JetKVM, one of the most popular devices in the low-cost KVM segment, also used an over-the-air (OTA) update mechanism that relied on SHA-256 hashes without cryptographic signatures and no brute-force protection on its single-password login. Both flaws have been patched.
Sipeed’s NanoKVM had an unauthenticated WiFi configuration endpoint that could be exploited to hijack the device’s network connection. The flaw has now been patched.
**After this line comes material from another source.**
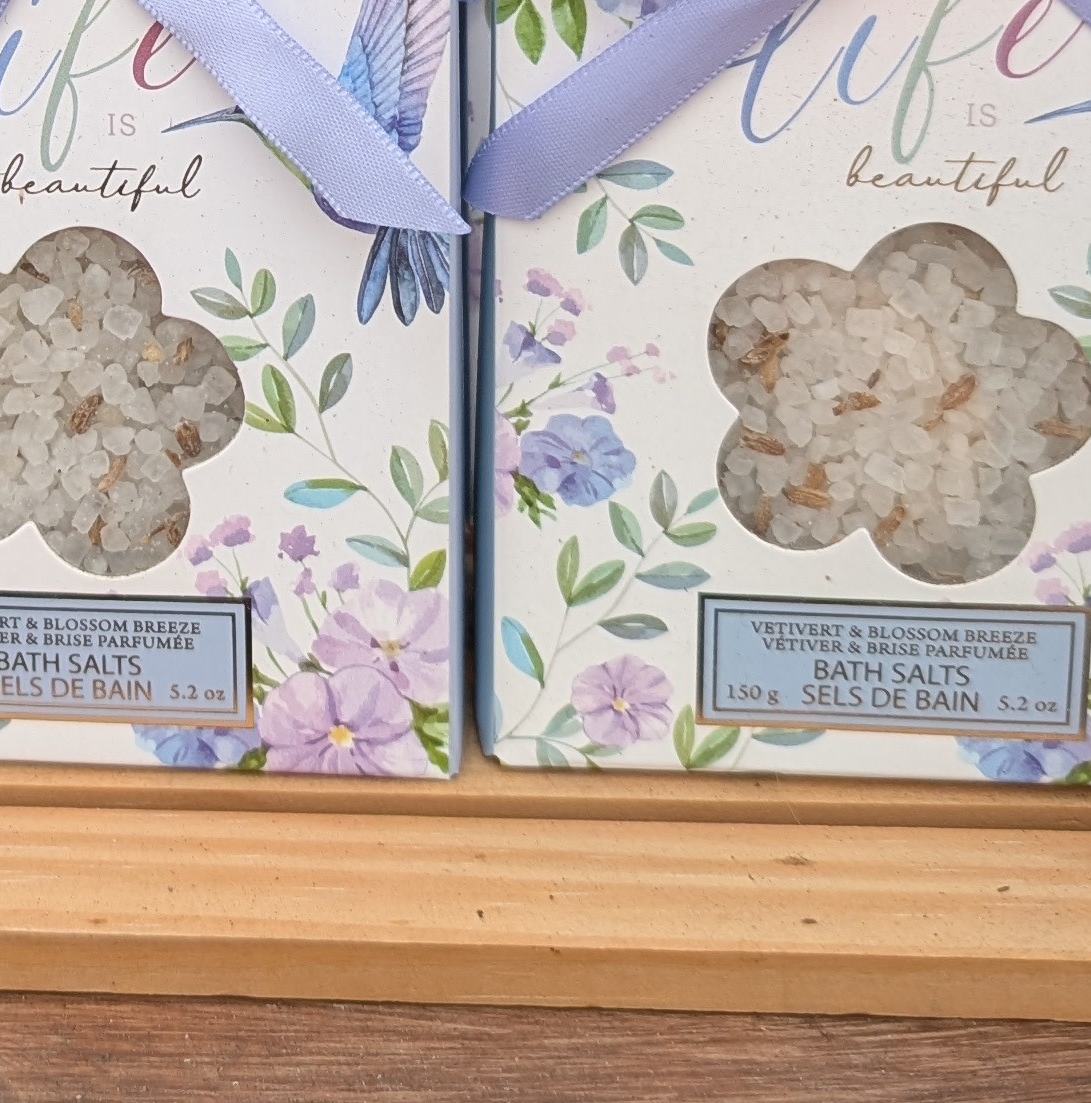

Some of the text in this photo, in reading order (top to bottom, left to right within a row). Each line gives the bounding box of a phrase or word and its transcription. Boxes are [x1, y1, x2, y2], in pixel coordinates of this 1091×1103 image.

“These are not exotic zero-days requiring months of reverse engineering,” the Eclypsium researchers said. “These are fundamental security controls that any networked device should implement: Input validation, authentication, cryptographic verification, rate limiting. We are looking at the same class of failures that plagued early IoT devices a decade ago, but now on a device class that provides the equivalent of physical access to everything it connects to.”
Stealthy backdoors
A compromised KVM device can become a powerful backdoor in any environment. An attacker can inject keystrokes to execute commands or access UEFI settings to disable security features such as disk encryption and Secure Boot.
Because the device operates outside the controlled system’s OS, endpoint detection tools and host firewalls cannot see it. These devices run their own Linux-based firmware, allowing attackers to hide malware and re-infect connected systems even after disk wipes.
“Compromising a KVM device gives an attacker the equivalent of physical access to every machine connected to it,” the Eclypsium researchers warned. “Not ‘kind of like’ physical access. Actual keyboard, video, and mouse control, at the BIOS level, below the operating system, below EDR, below every security control you have deployed.”
North Korean spies posing as remote workers have used PiKVM devices connected to laptops and workstations provided to them by employers to fake their physical presence in different countries and gain access to corporate networks.
Enterprise-grade KVM switches are not immune to vulnerabilities either. ATEN, one of the leading vendors, patched critical buffer overflow vulnerabilities in some of its products last year. Baseband Management Controller (BMC) interfaces, another type of out-of-band management technology that is common in server products, have been plagued by vulnerabilities for years and some were even exploited to deploy rootkits.
Eclypsium advises organizations to isolate KVM devices on dedicated management VLANs, never expose them directly to the internet, deploy two-factor authentication when available, and use VPN solutions to access them. Companies should also audit their networks for KVM devices that they might not be aware of and deploy firmware updates when available.
“Audit your KVM deployments,” the researchers wrote. “Know what you have, where it is, and what firmware it is running. These devices are the keys to your kingdom, and right now, too many of them are hanging on the network with the door wide open.”